The fact that many stakeholders of Commerzbank and Deutsche Bank are opposed, or at the very least skeptical, of a “merger of weakquals” involving the two German banks has been widely known for weeks, if not months. But now, it appears one of these groups is trying to sabotage the deal by pushing for an extraordinary meeting of the bank’s supervisory board.
According to Bloomberg, which cited reports in a German trade publication, Commerzbank’s powerful labor representatives, who control half of the seats on the bank’s board, are opposed to the deal, and are seeking to formally quash talks over fears that the ‘synergies’ produced by the merger could lead to the loss of thousands of jobs.
No meeting has yet been set, and whether the labor reps would be able to find an ally among the bank’s shareholders is still unclear. But according to the report, if the labor reps succeed in killing the deal, they might not stop there: Word on the street is that they are also fed up with Commerzbank CEO Martin Zielke, who has been pushing fort he merger, trying to convince staff that it would be a good plan to quickly increase market share, and are actively trying to oust him.
A spokesman for the bank denied the rumors, but one of the board’s labor reps has said that he would love to see Zielke thrown out.
“Rumors and speculation on personnel changes are made up out of thin air,” Commerzbank Supervisory Board Chairman Stefan Schmittmann said by email. “Such allegations are irresponsible and unworthy of discussion.”
“I won’t shed a tear” if Zielke were to step down as CEO, Commerzbank supervisory board member and labor representative Stefan Wittmann said on the sidelines of an event in Berlin. Wittmann, who is employed by the Ver.di union, has emerged as one of the strongest voices opposing the deal.

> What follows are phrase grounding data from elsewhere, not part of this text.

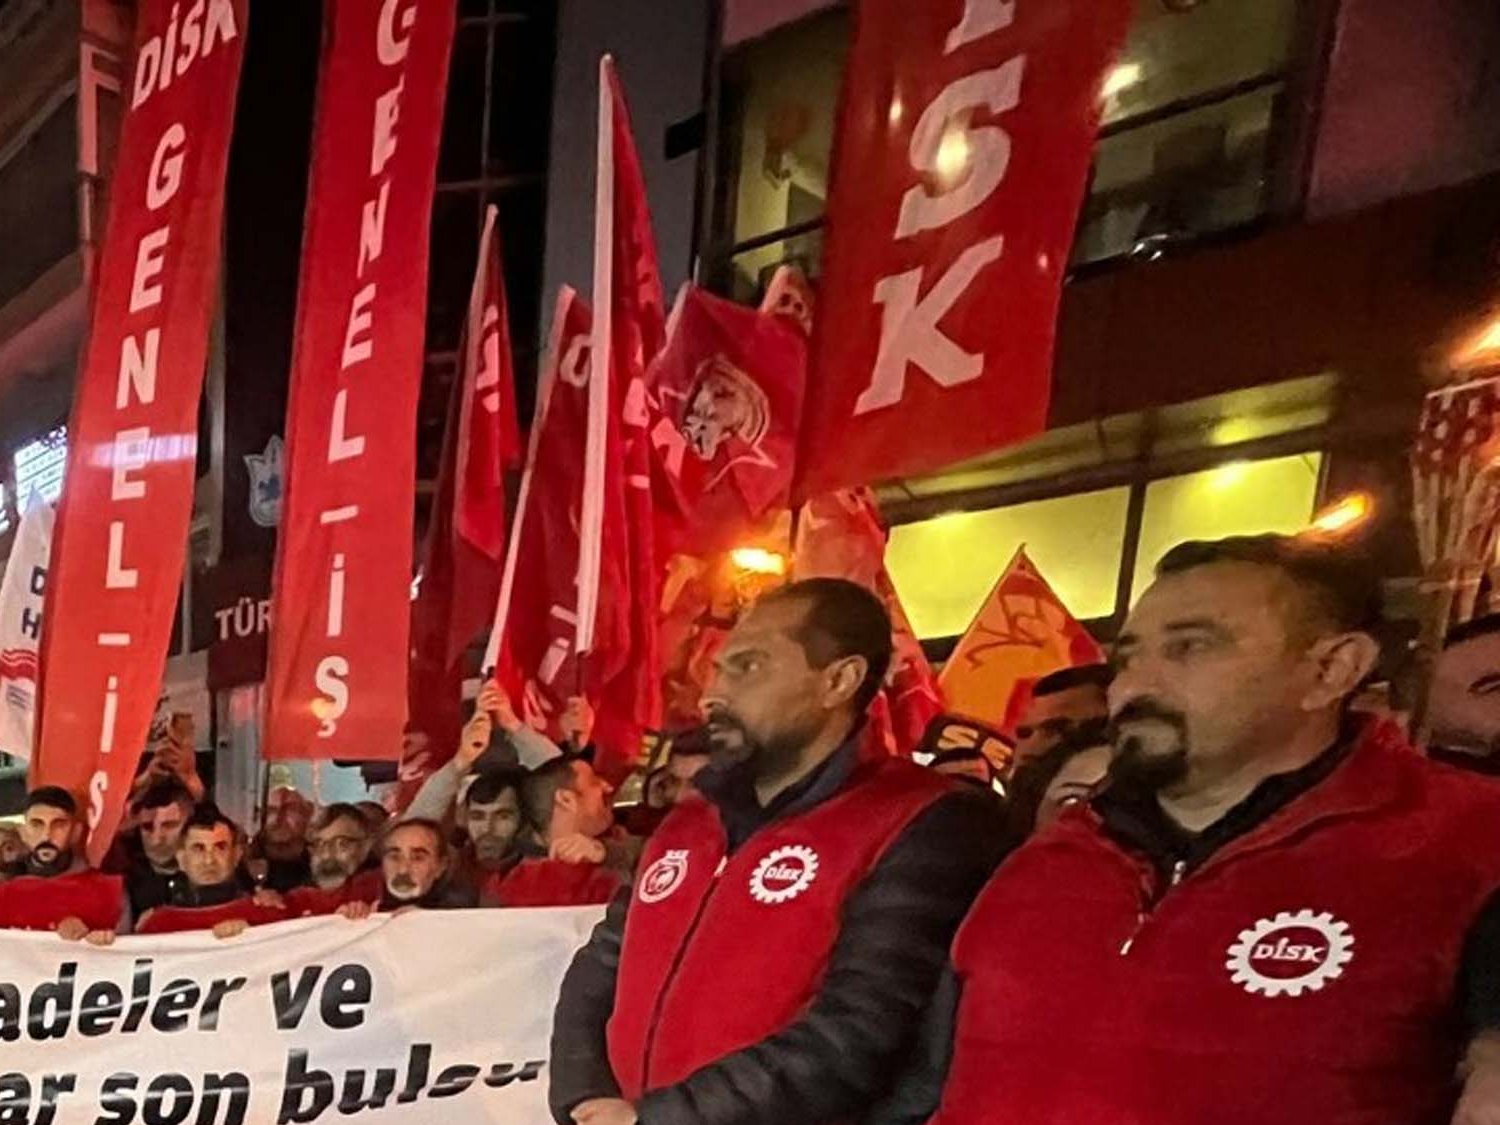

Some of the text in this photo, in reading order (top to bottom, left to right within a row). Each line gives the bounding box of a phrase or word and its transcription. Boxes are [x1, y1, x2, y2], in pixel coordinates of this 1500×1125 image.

[131, 0, 238, 111] DİSK
[1252, 937, 1325, 963] DİSK
[269, 962, 373, 1031] ve
[278, 1043, 547, 1125] bulsu
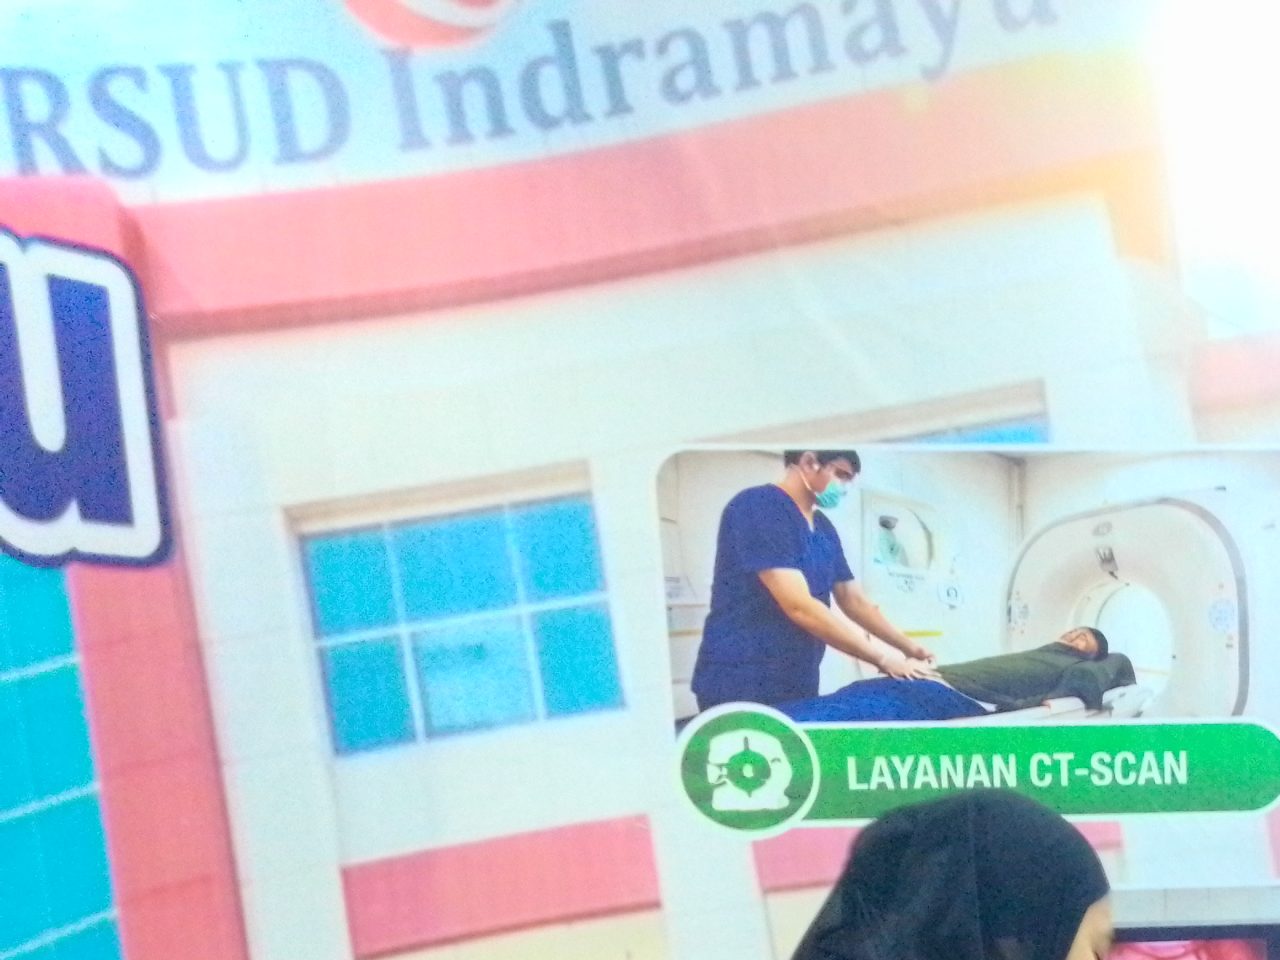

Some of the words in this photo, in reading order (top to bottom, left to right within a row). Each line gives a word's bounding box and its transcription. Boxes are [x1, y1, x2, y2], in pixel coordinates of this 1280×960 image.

[0, 57, 353, 178] RSUD
[847, 752, 1018, 791] LAYANAN
[1029, 750, 1189, 787] CT-SCAN

He coordinates his work closely with Ver.di’s main representative on Deutsche Bank’s supervisory board, Jan Duscheck. On the sidelines of the Berlin protest, Duscheck said labor representatives on the boards of both banks are united in their opposition to a deal.
If the labor reps succeed in calling the meeting, they would then need two majority votes to kill the merger: one to get a motion on the agenda to end the talks, and another to adopt it.

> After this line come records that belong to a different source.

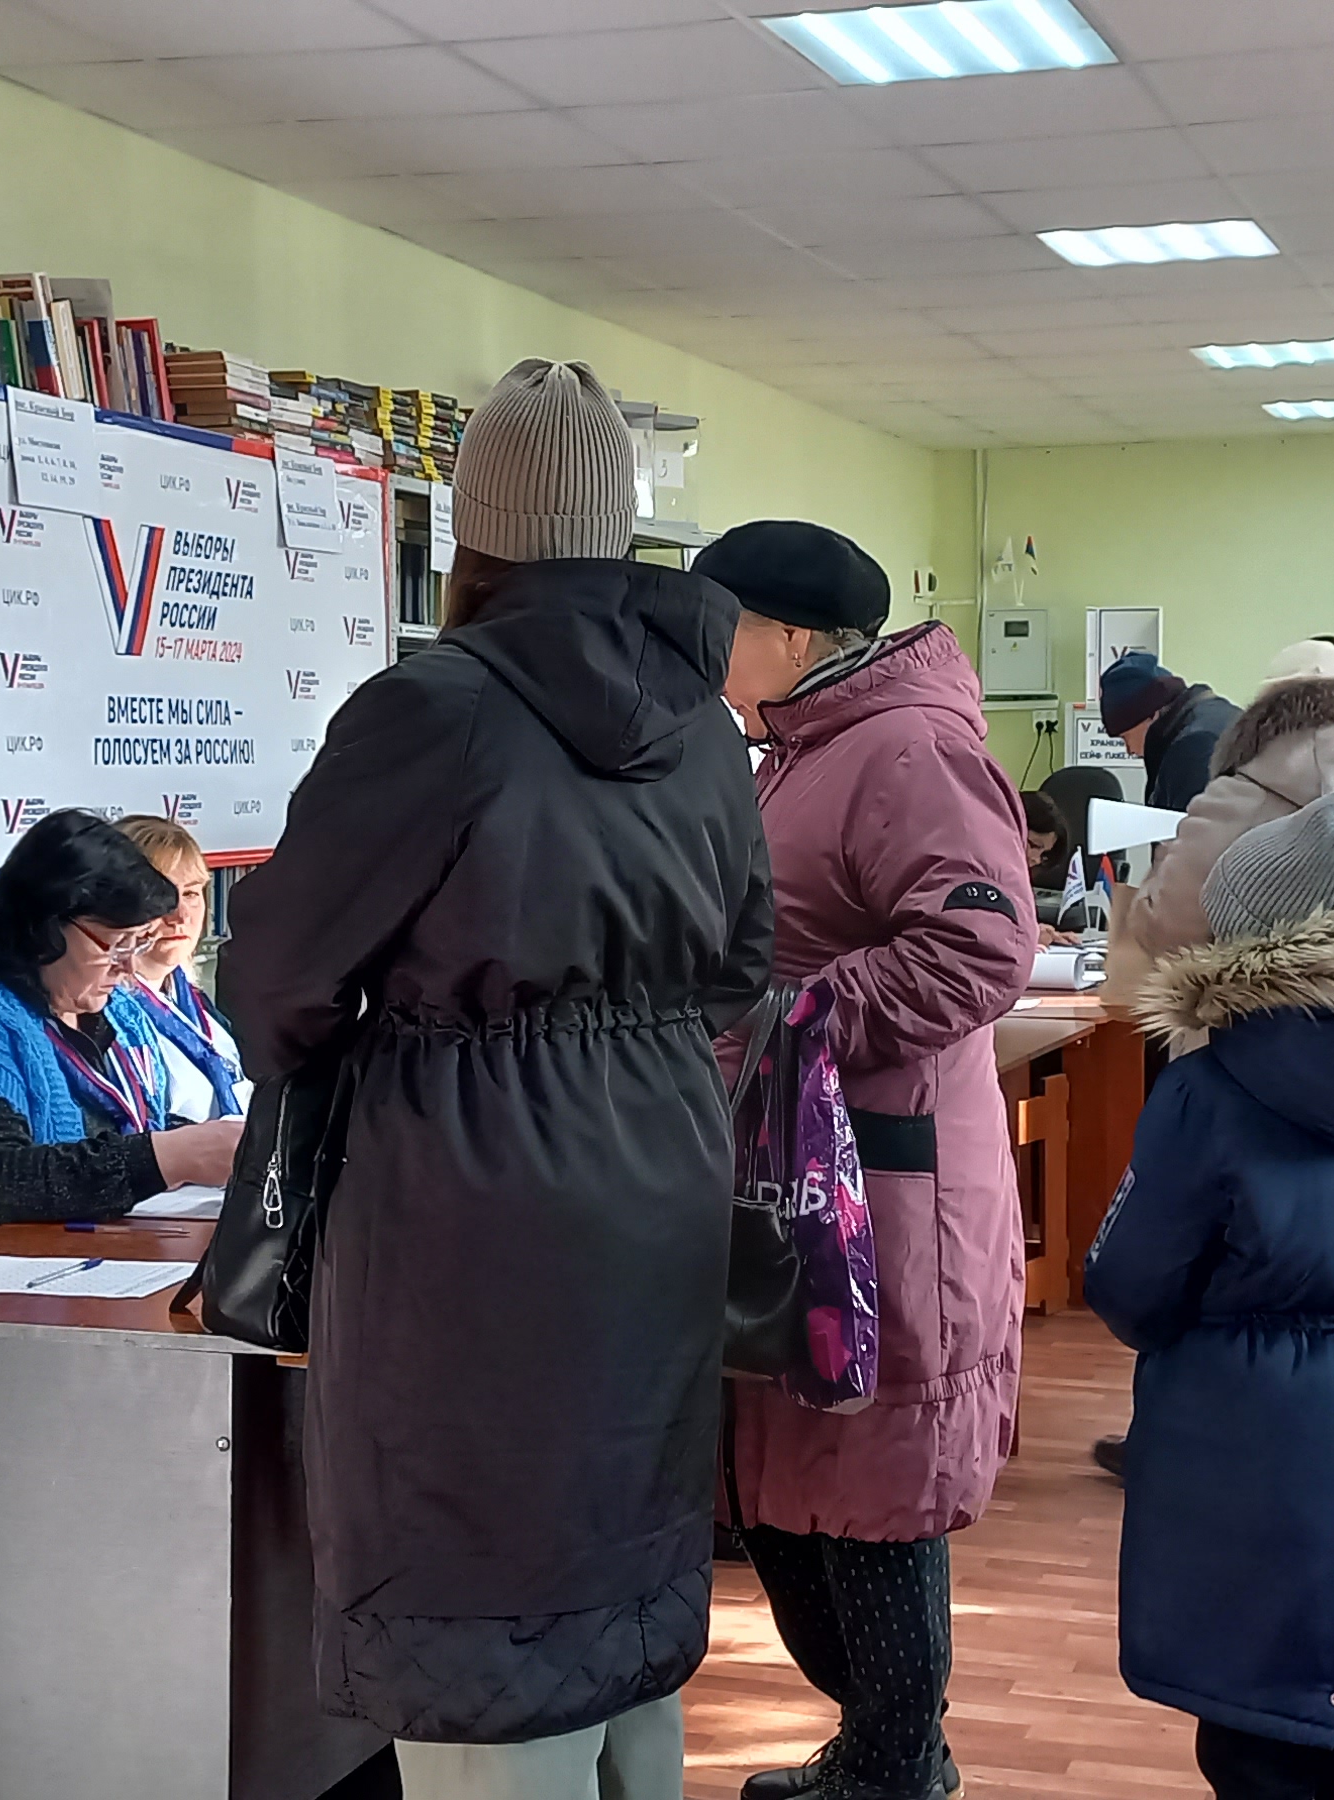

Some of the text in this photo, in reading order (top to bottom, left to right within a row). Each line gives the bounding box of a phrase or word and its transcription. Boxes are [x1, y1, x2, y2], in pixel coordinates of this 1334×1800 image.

[172, 530, 236, 563] ВЫБОРЫ
[165, 565, 255, 601] ПРЕЗИДЕНТА
[159, 601, 218, 632] РОССИИ
[184, 638, 218, 662] МАРТА
[218, 640, 244, 664] 2024
[107, 695, 165, 725] ВМЕСТЕ
[168, 698, 193, 725] МЫ
[196, 699, 232, 726] СИЛА
[93, 737, 256, 766] ГОЛОСУЕМ ЗА РОССИЮ!

But as if the resistance of Commerzbank workers (who could be joined by Deutsche employees in their resistance to the deal) wasn’t enough, other powerful stakeholders have expressed apprehension about the deal. Christian Sewing, DB’s CEO, has pursued it only reluctantly, and now top ECB officials have reportedly “questioned the logic” of the deal, adding that the regulator doesn’t see how the tie-up would put the banks on safer footing. The central bank had previously said that Deutsche would likely need to raise buffer funds for the merger, creating another potential stumbling block.
Several members of the European Central Bank’s supervisory board questioned the logic of a merger at recent meetings, said the people, who asked to remain anonymous because the deliberations were private. Officials are concerned that the ECB’s credibility will suffer a major blow if they approve a deal and the merged bank then runs into trouble, they said.
This essentially leaves the German Finance Minister Olaf Scholz as the only major stakeholder who is pushing for the deal, in the hopes that it would create a “national champion” more capable of servicing Germany’s major industrial exporters.
Even investors are apparently opposed: Both DB and Commerzbank shares rallied on news that the deal might be as good as dead.
If the plan is killed, either by the ECB or labor unions, then Scholz would have only one clear option for creating the German superbank of his dreams: Outright nationalization.